Summary
Netflix’s French-language Gone for Good begins with a central mystery strong enough to hold your attention and swift pacing that focuses your attention towards a grief-stricken lead.
This recap of Netflix series Gone for Good episode 1, “Guillaume”, contains spoilers.
Gone for Good is steeped in grief and misery. More specifically, the grief and misery of a 30-something named Guillaume Lucchesi (Finnegan Oldfield), a young man who loses his ex-girlfriend and his older brother in the same night in 2010. Adapted from the Harlan Coben English-language novel of the same name, Gone for Good both advances Coben’s five-year, five-series deal with Netflix and grabs international viewers hoping to fill a mysterious void left by more popular, “prestige” television.
Gone for Good episode 1 recap
From creators David Elkaïm and Vincent Poymiro, the French original series opens on that night in 2010, wasting little time in showing the heartbreak filling Guillaume’s life. Often switching between 2010, present-day, and 2017 in Nice, the first episode, “Guillaume,” follows the titular character as he meets, and subsequently falls in love with, Judith (Nailia Harzoune), a fellow social worker working with underprivileged and crime-averse teens.
With Guillaume’s mother’s recent death, the couple attends her funeral, with Judith leaving early to respond to urgent teenage-crime duty, not before the former proposes to the latter. After she gives a tepid version of yes, she drives off in her car, only to disappear from everyone’s lives, starting his hunt for her whereabouts. Nearly a decade after the deaths that shaped him, Guillaume must reckon again the loss of someone he loves; it’s an apt, albeit somewhat standard setup for a thriller baked in the aforementioned grief.
The ending
His search starts with those at the care center including the director, Daco (Guillaume Gouix), who joins the search party. While the two scour Nice, Guillaume remembers the first day he met Judith, the night they spent at the police station, and their joint effort to help a teenager avoiding a court date. They learn that she was rushing through rough areas with bags full of cash, she was involved with a major drug dealer, and her DNA has been found mixed with two dead bodies, all to the surprise, but not dumbfoundedness of her boyfriend.
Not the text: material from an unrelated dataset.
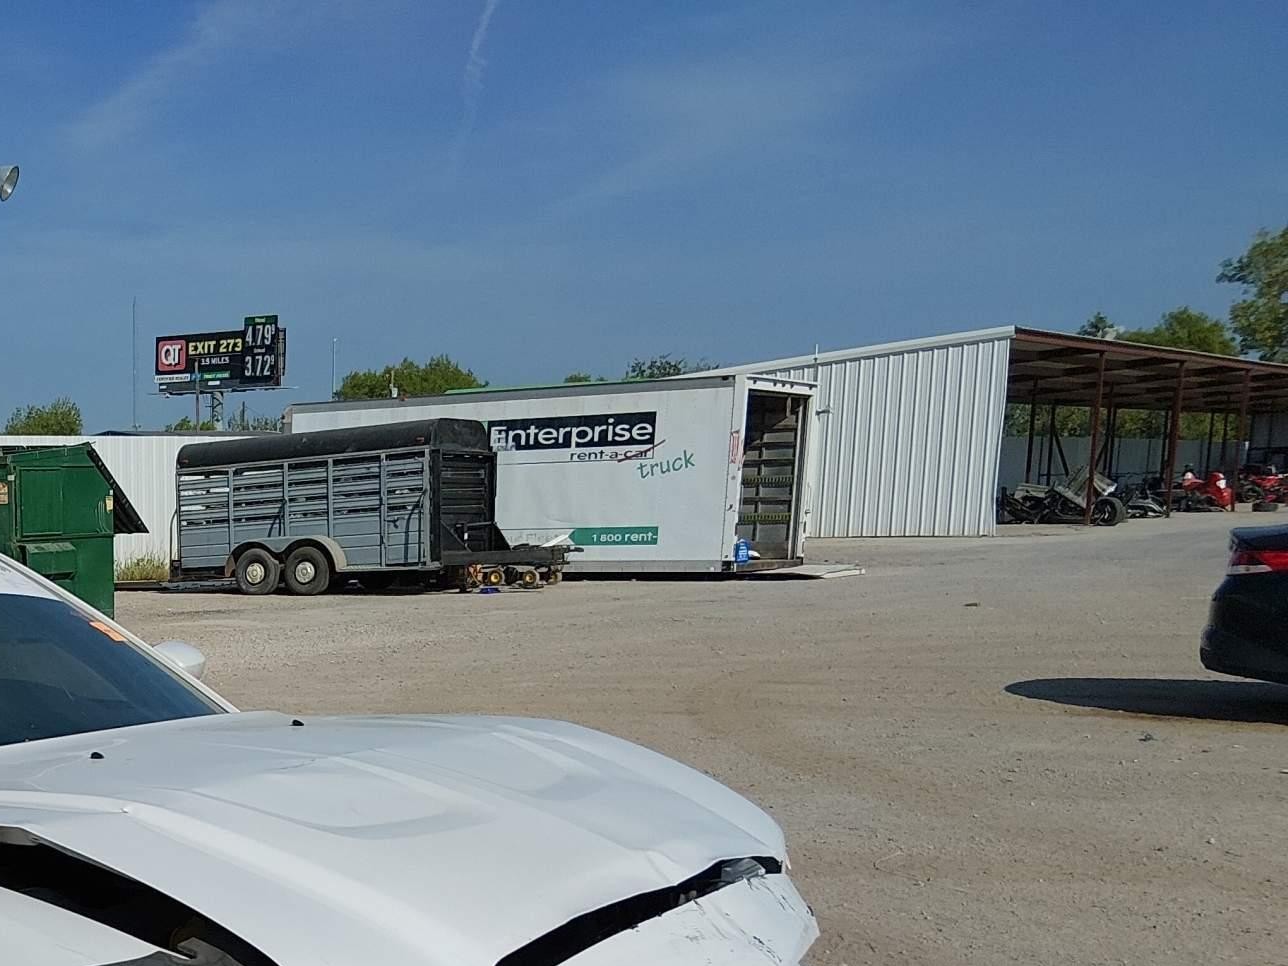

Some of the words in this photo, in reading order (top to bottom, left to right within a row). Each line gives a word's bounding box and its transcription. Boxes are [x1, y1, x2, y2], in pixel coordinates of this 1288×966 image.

This initial episode of the series gives Oldfield a chance to experience a full range of emotions, from love to heartbreak to pure sorrow. It’s a showcase for the actor and the character to be put through the ringer, washed of all hope or happiness, and the grim nature of “Guillaume” works best when you believe there’s light somewhere to be found.
Highs:
- Finnegan Oldfield in a major way. The actor eats up screen-time in this starring role, with all characters’ lives intersecting with him. He gets opportunities to be emotional, angry, loving, and bewildered over the span of 15 minutes.
- TV series in which a girl/woman disappears/dies in the opening scene. These mystery-thrillers seem to be coming quick and often across streaming platforms.
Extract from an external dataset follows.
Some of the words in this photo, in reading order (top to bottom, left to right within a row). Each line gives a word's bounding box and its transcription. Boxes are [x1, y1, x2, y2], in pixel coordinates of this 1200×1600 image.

- Social work as a great career.
Lows:
- Guillaume’s love life.
- Proposing at your mother’s funeral.
Ramblings:
- How do you recover from losing your ex-girlfriend and your brother in the same night? And then you become a social worker? Guillaume seems to have a heart of gold.
- He’s way too hard on Judith on her first day. She comes in with a wide smile and he calls her a “child he has to babysit.” Maybe bullet point #1 is too kind.
- Oldfield looks like an actor that could play either a 17-year-old or 35-year-old depending on the moment.
- For being a social worker, which isn’t the highest paying profession, Guillaume has a startlingly fancy apartment with floor-to-ceiling windows and enough space for a good-sized party.
- Coben’s other Netflix series have been in English, Spanish, and Polish, which sounds like the coolest way to use your 5-year Netflix deal. Very un-Ryan-Murphyesque.